La tradition de la blouse blanche remonte au XIXème siècle où avec l’arrivée de l’asepsie dans les salles d’opération le porteur de blouse signalait qu’il maitrisait les techniques les plus modernes. L’usage par la suite a perduré comme marque de hiérarchie parmi les soignants.

Le médecin en blouse blanche apparait comme plus professionnel, plus expérimenté et plus agréable que ses confrères en tenue qu’on pourrait qualifier de plus décontractée. Le problème du sexisme a été abordé : avant de voir des médecins, devant des photos de femmes qu’on leur présentait, les participants ont vu des auxiliaires médicaux, des infirmières.

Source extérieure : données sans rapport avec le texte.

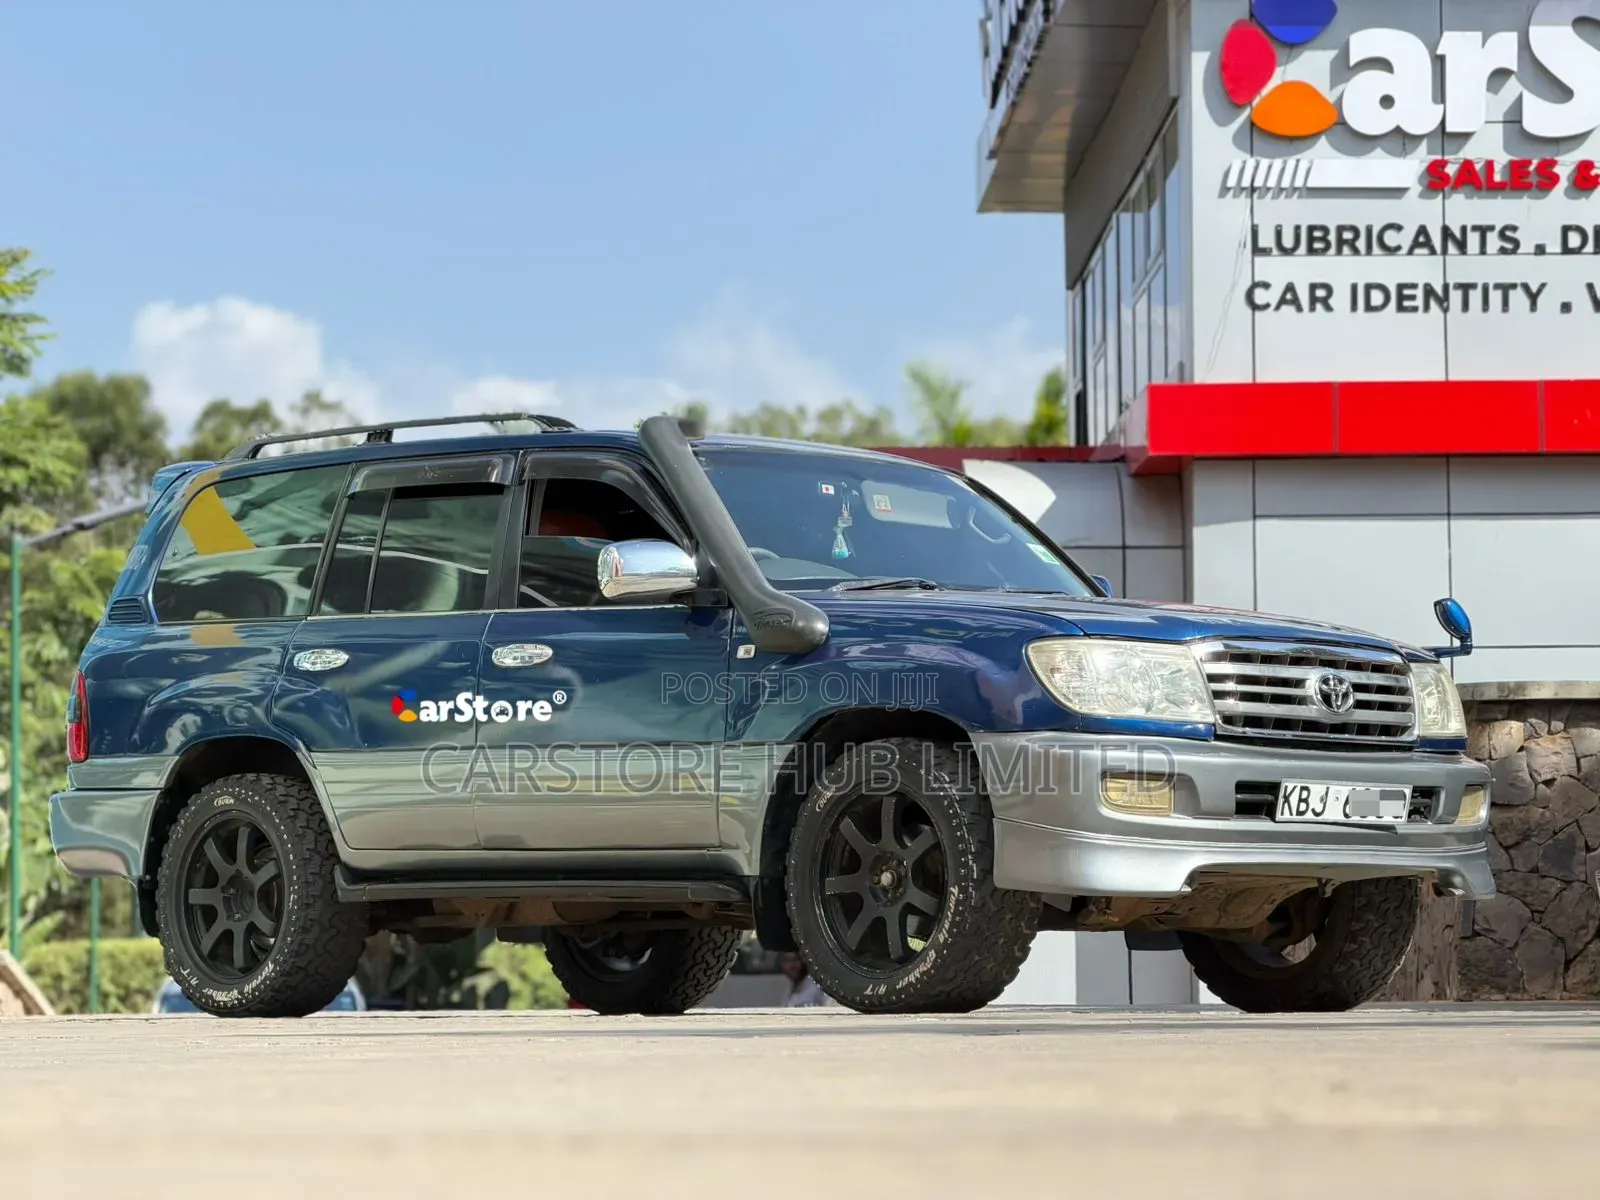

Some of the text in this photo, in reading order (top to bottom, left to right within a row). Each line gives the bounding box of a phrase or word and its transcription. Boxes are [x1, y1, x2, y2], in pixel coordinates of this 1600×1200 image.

Cette appréciation discriminante à l’égard des femmes se retrouve sur le plan de leur tenue vestimentaire : une étude indique que 73% des sondés désapprouvent la tenue de celles qui ne portent pas de blouse blanche alors que la proportion tombe à 24% pour les hommes. Elle est particulièrement préoccupante dans la mesure où un jugement fondé sur un stéréotype et non sur le mérite peut pénaliser la personne professionnelle considérée, le patient et la relation de soins qui les unit. Pour les auteurs, cette dérive, évidente en chirurgie aux États-Unis, doit être combattue par l’ensemble du corps médical et pas seulement par les intéressées. L’adoption d’une nouvelle tenue vestimentaire pourrait être l’occasion de mettre fin aux erreurs d’identification. Favoriser une présence accrue du corps féminin devant les médias, ainsi qu’aux postes de responsabilité les plus élevés ne peut que faciliter la lutte contre les erreurs de représentation et les injustices qui en découlent aux États-Unis. Pour enfoncer le clou : aux États-Unis un relevé des revenus d’une femme médecin sur  l’ensemble de sa carrière montre que lorsqu’on les compare à ceux d’un confrère ils sont inférieurs d’au moins 25%, soit 1 800 000 €.

Commentaires de Bernard Pradines. L’appréciation de la profession d’après le genre est également présente en France, bien que la féminisation de la profession médicale soit en progression sensible. « Rappeler que la profession se féminise relève de l’évidence. Selon le rapport 2021 de la Direction de la recherche, des études, de l’évaluation et des statistiques (Drees), au 1er janvier 2021, les femmes médecins généralistes sont au nombre de 49685; elles représentent donc 49,38 % de la profession. Une féminisation continue ces dernières années. À titre de comparaison, elles étaient 42,45 % en 2014. Et, en 1990, on comptait 30 % de femmes parmi l’ensemble des médecins. »[1]. Ma fille étant praticien hospitalier (au féminin !), elle m’a rapporté, comme bien d’autres consœurs, la confusion du public avec le monde paramédical. Ceci dit, comme il n’y a pas de honte à être une infirmière ou une aide-soignante ou un agent hospitalier féminin, il est difficile et indélicat de clamer une distinction du genre « je ne suis pas qu’une infirmière ». Enfin, aucune enquête, à ma connaissance, n’a été menée en France sur ce thème précis de l’habit des médecins ; tout au plus connaissons-nous, surtout en psychiatrie et en gériatrie, une remise en cause de l’habit médical traditionnel pour des raisons de relation humaine qui se voudrait non soignante. A mon avis, il s’agit d’un faux débat car la blouse peut aussi rassurer et il n’est pas obligatoire de « se cacher » derrière elle.

Source : Helen Xun, MD ; Jonlin Chen, BS ; Alexander H. Sun, MD ; et al Public Perceptions of Physician Attire and Professionalism in the US

Source de l’image : Shakaib U. Rehman, MD  Paul J. Nietert, PhD  Dennis W. Cope, MD  Anne Osborne Kilpatrick, DPA, What to wear today? Effect of doctor’s attire on the trust and confidence of patients

Azeen Ghorayshi The New-York Times Women Earn $2 Million Less Than Men in Their Careers as Doctors

Female doctors make less than their male counterparts starting from their very first days on the job, according to a large new study. Over the course of a 40-year-career, researchers estimated, this pay gap adds up to at least $2 million.